Enter Rosie the Riveter and Katherine Hepburn
World War II was the true inflection point. With millions of men drafted, American women entered the workforce in unprecedented numbers. In factories, shipyards, and other war industries, trousers became a matter of practicality and safety. Slacks, coveralls, and dungarees were necessary to operate machinery and perform physical labor. Rosie the Riveter, the iconic figure of female war labor, was always pictured in trousers—often rolled-up work jeans, sometimes even coveralls. The necessity of this new workwear normalized the sight of women in pants—not just in factories, but in public spaces during wartime. Women wore them on the way to work, in shops, even in restaurants. And for the first time, trousers were mass-produced and marketed specifically to women.
At about this same time, Katherine Hepburn wore high-waisted slacks and wide-legged trousers as part of her daily wardrobe, both on-screen and off. Around the lot, she refused to conform to studio expectations for feminine dress, reportedly walking around in men’s slacks when off duty—even when asked not to. This and her general demeanor had led to her being labeled box office poison in the late 1930s.

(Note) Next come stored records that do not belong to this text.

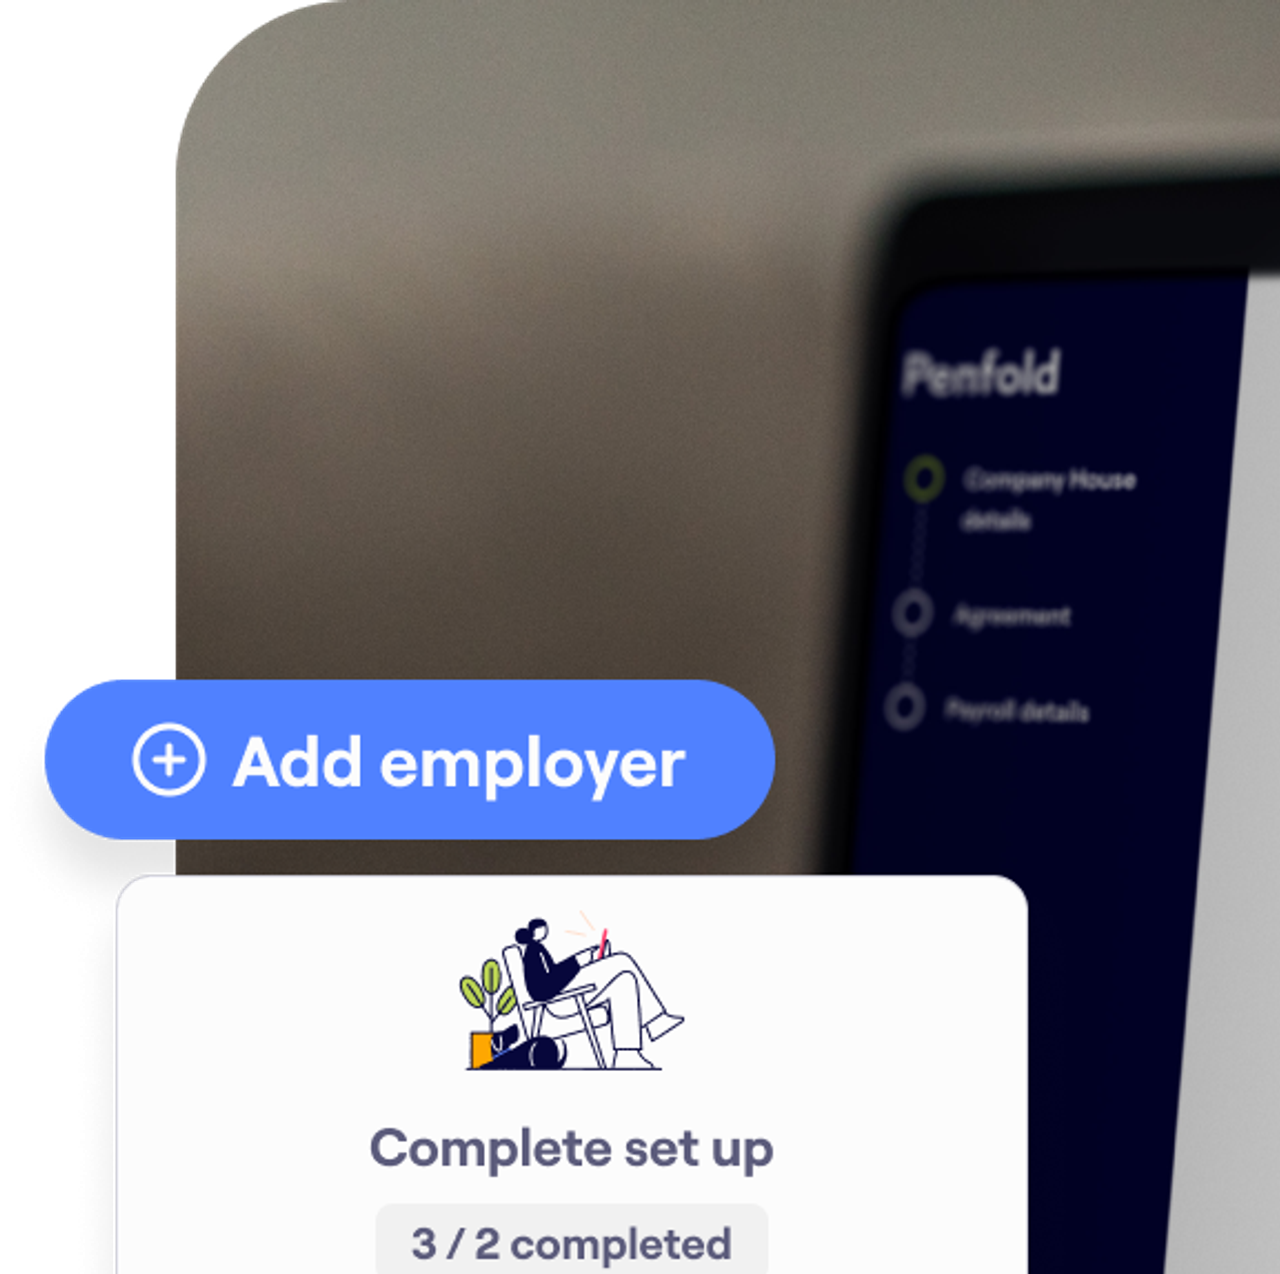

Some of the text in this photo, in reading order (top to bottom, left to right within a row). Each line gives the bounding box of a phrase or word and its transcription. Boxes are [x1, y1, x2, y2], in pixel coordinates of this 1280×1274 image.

[902, 347, 1062, 397] Penfold
[964, 467, 1138, 495] Company House
[961, 507, 1032, 532] details
[953, 604, 1072, 632] Agreement
[943, 696, 1091, 726] Payroll details

The War Ended. Not the fight
After the war ended in 1945, it was presumed and expected that women and other minorities would drop back to pre-war positions. But for women at least, the genie was out of the bottle. Even though just a little over a decade earlier a woman had been arrested for wearing pants in a Texas courtroom, by the 1950s, women’s trousers were being widely marketed as casual and leisure wear. Capri pants and pedal pushers became fashionable, especially among younger women and suburban mothers. The genie was definitely out of the bottle. In fact, in the 1960s sitcom, I dream of Jeanie, Barbara Eden wore billowy pantaloons on television, albeit high-waisted because censors forbade her navel showing.